- What the exercise asks: Exactly repeat all the records below, omitting the images they hold.

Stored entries
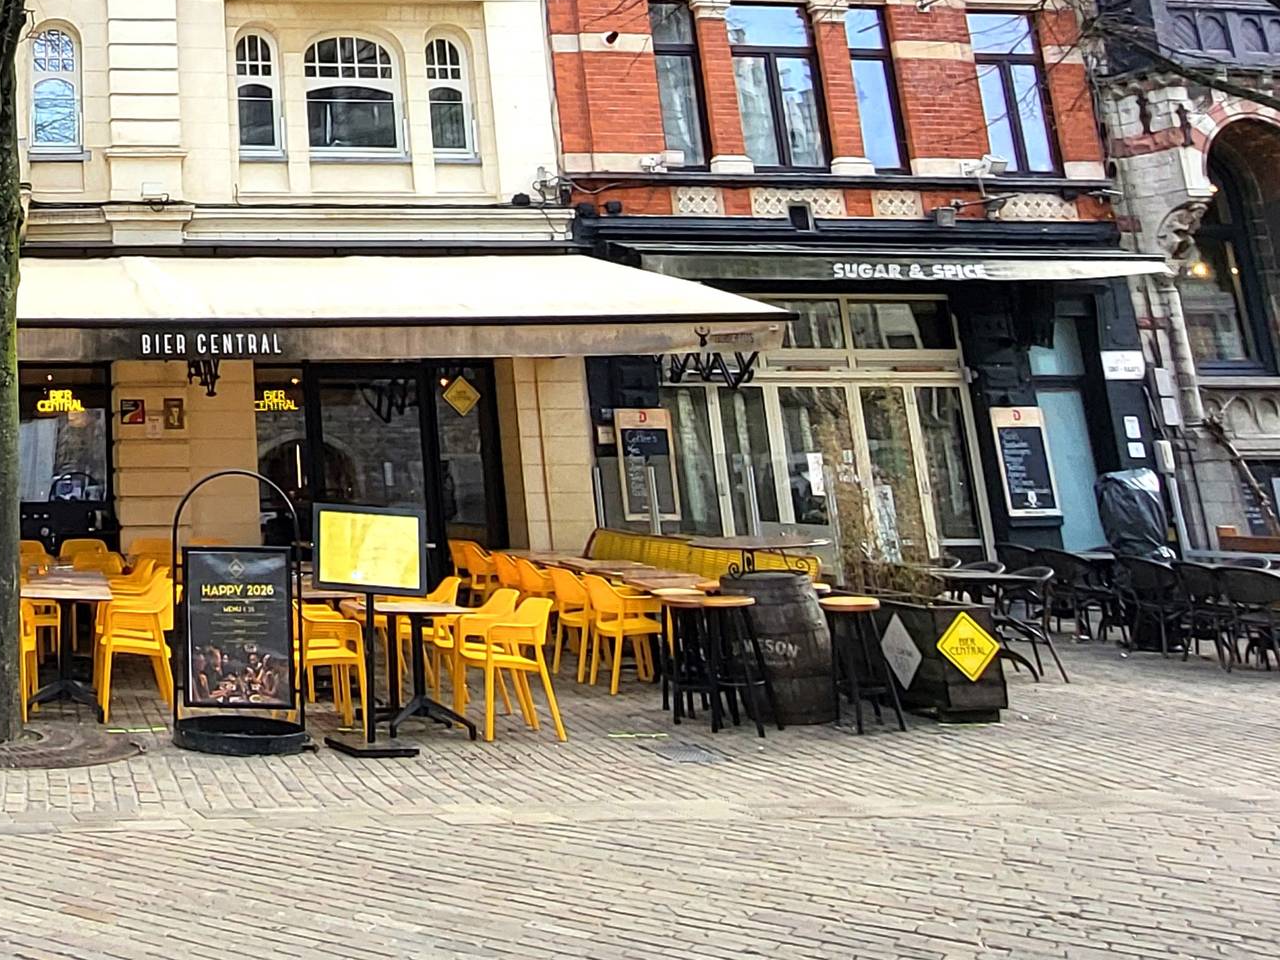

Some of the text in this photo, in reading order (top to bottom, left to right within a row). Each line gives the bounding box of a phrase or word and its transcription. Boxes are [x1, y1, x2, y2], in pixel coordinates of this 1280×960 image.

[833, 262, 986, 279] SUGAR & SPICE
[141, 333, 282, 354] BIER CENTRAL
[49, 390, 72, 402] BIER
[263, 390, 286, 402] BIER
[36, 401, 86, 413] CENTRAL
[254, 401, 299, 412] CENTRAL
[201, 584, 274, 596] HAPPY 2026
[958, 637, 977, 646] BIER
[949, 644, 987, 656] CENTRAL
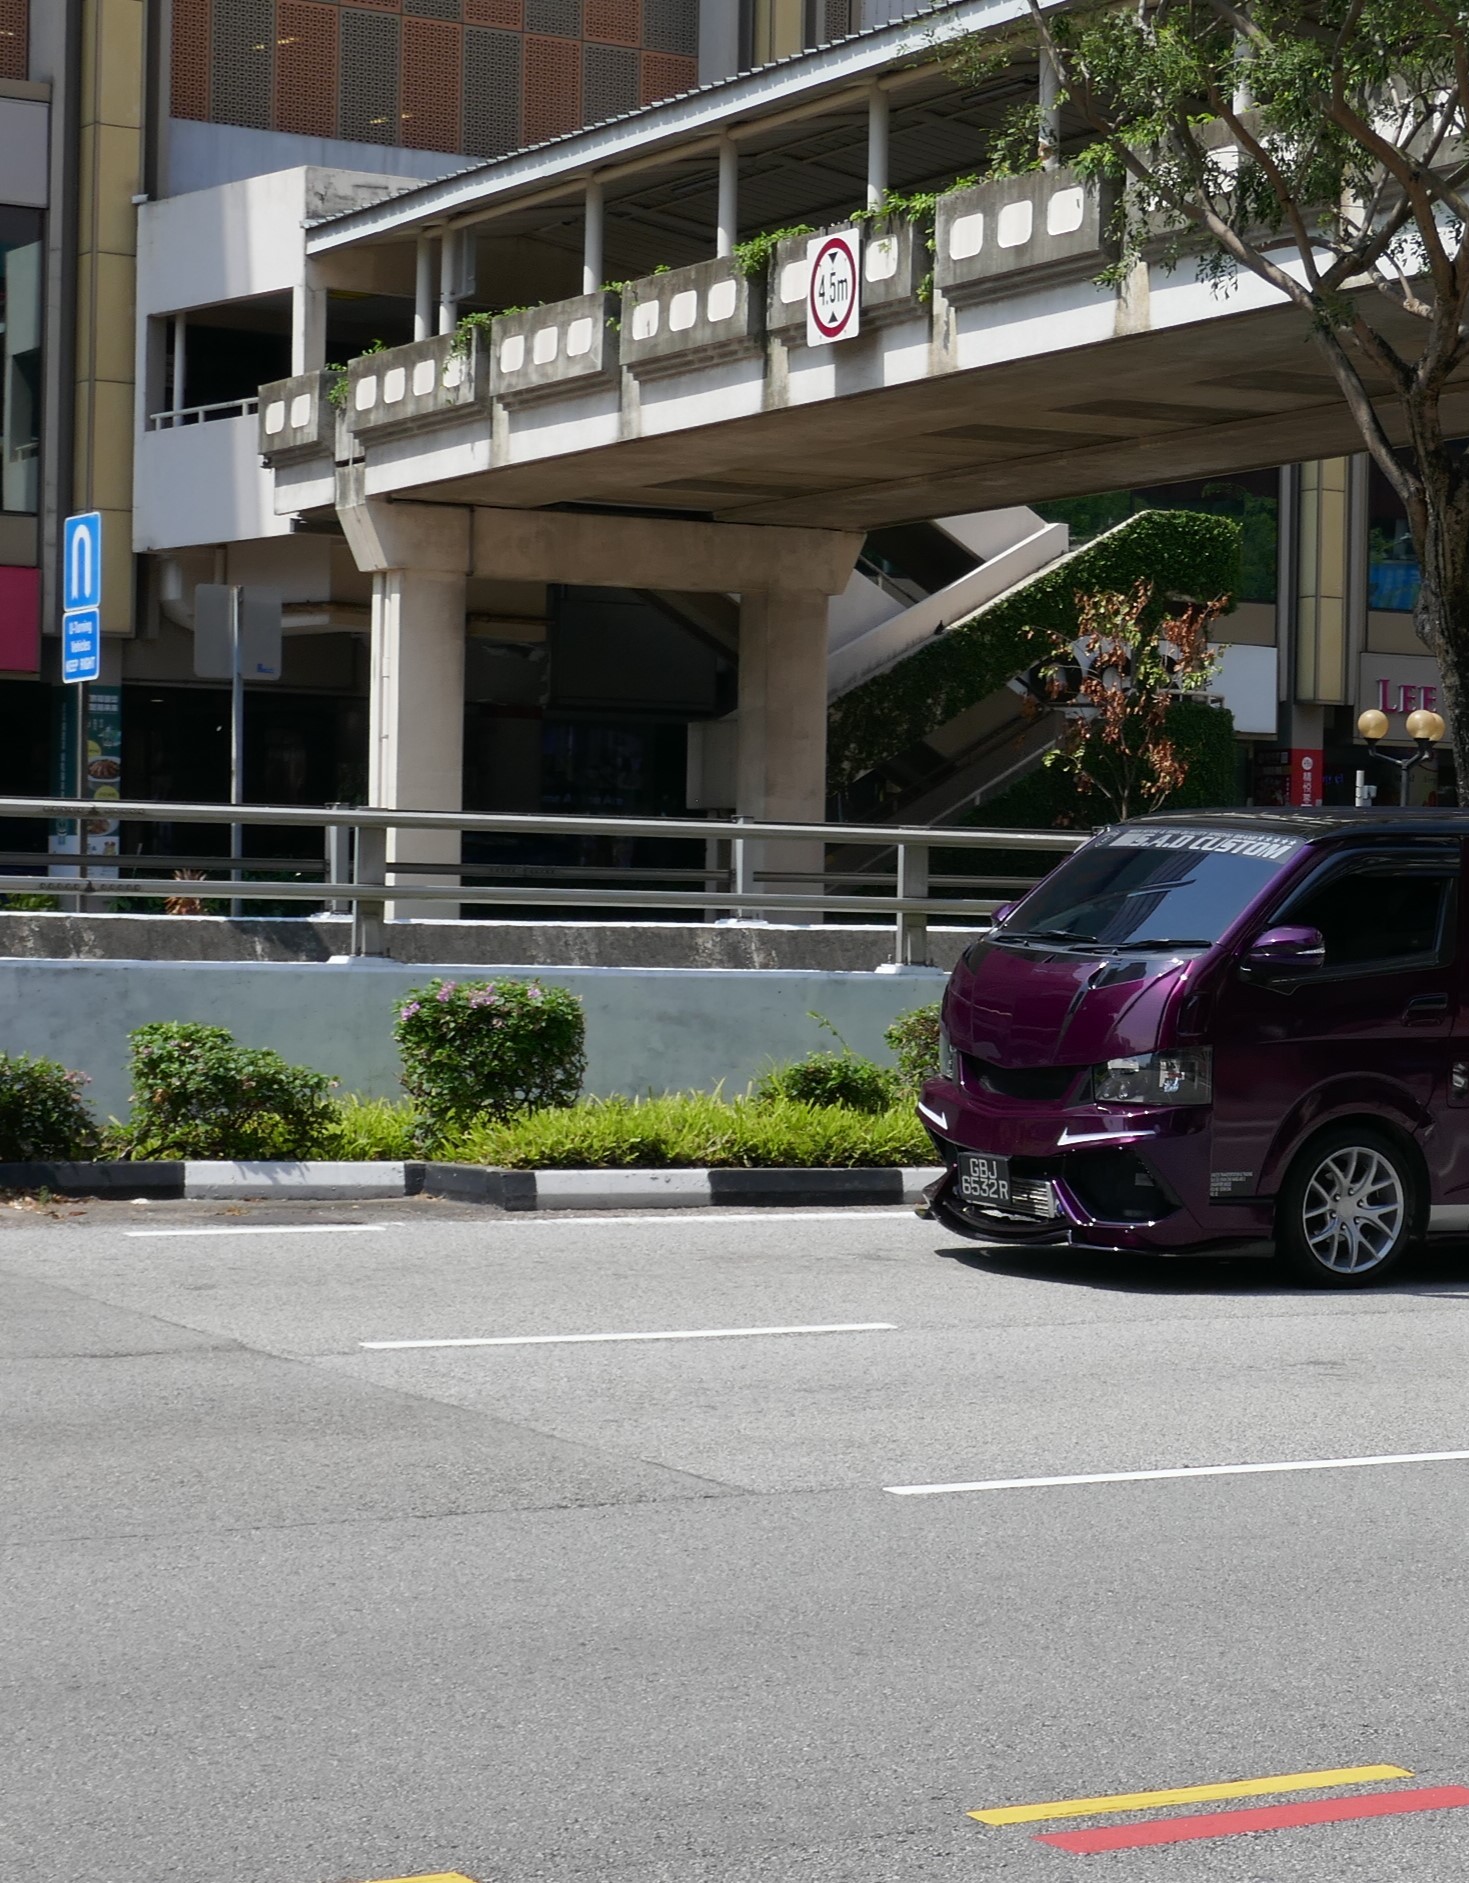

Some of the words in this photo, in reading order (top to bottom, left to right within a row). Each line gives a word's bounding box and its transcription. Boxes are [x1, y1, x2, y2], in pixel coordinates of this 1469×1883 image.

[818, 272, 848, 306] 4.5m
[1378, 679, 1437, 714] LEE
[1188, 836, 1292, 860] CUSTOM
[969, 1158, 998, 1179] GBJ
[961, 1175, 1009, 1200] 6532R

- Your response:
Some of the text in this photo, in reading order (top to bottom, left to right within a row). Each line gives the bounding box of a phrase or word and its transcription. Boxes are [x1, y1, x2, y2], in pixel coordinates of this 1280×960 image.

[833, 262, 986, 279] SUGAR & SPICE
[141, 333, 282, 354] BIER CENTRAL
[49, 390, 72, 402] BIER
[263, 390, 286, 402] BIER
[36, 401, 86, 413] CENTRAL
[254, 401, 299, 412] CENTRAL
[201, 584, 274, 596] HAPPY 2026
[958, 637, 977, 646] BIER
[949, 644, 987, 656] CENTRAL

Some of the words in this photo, in reading order (top to bottom, left to right within a row). Each line gives a word's bounding box and its transcription. Boxes are [x1, y1, x2, y2], in pixel coordinates of this 1469×1883 image.

[818, 272, 848, 306] 4.5m
[1378, 679, 1437, 714] LEE
[1188, 836, 1292, 860] CUSTOM
[969, 1158, 998, 1179] GBJ
[961, 1175, 1009, 1200] 6532R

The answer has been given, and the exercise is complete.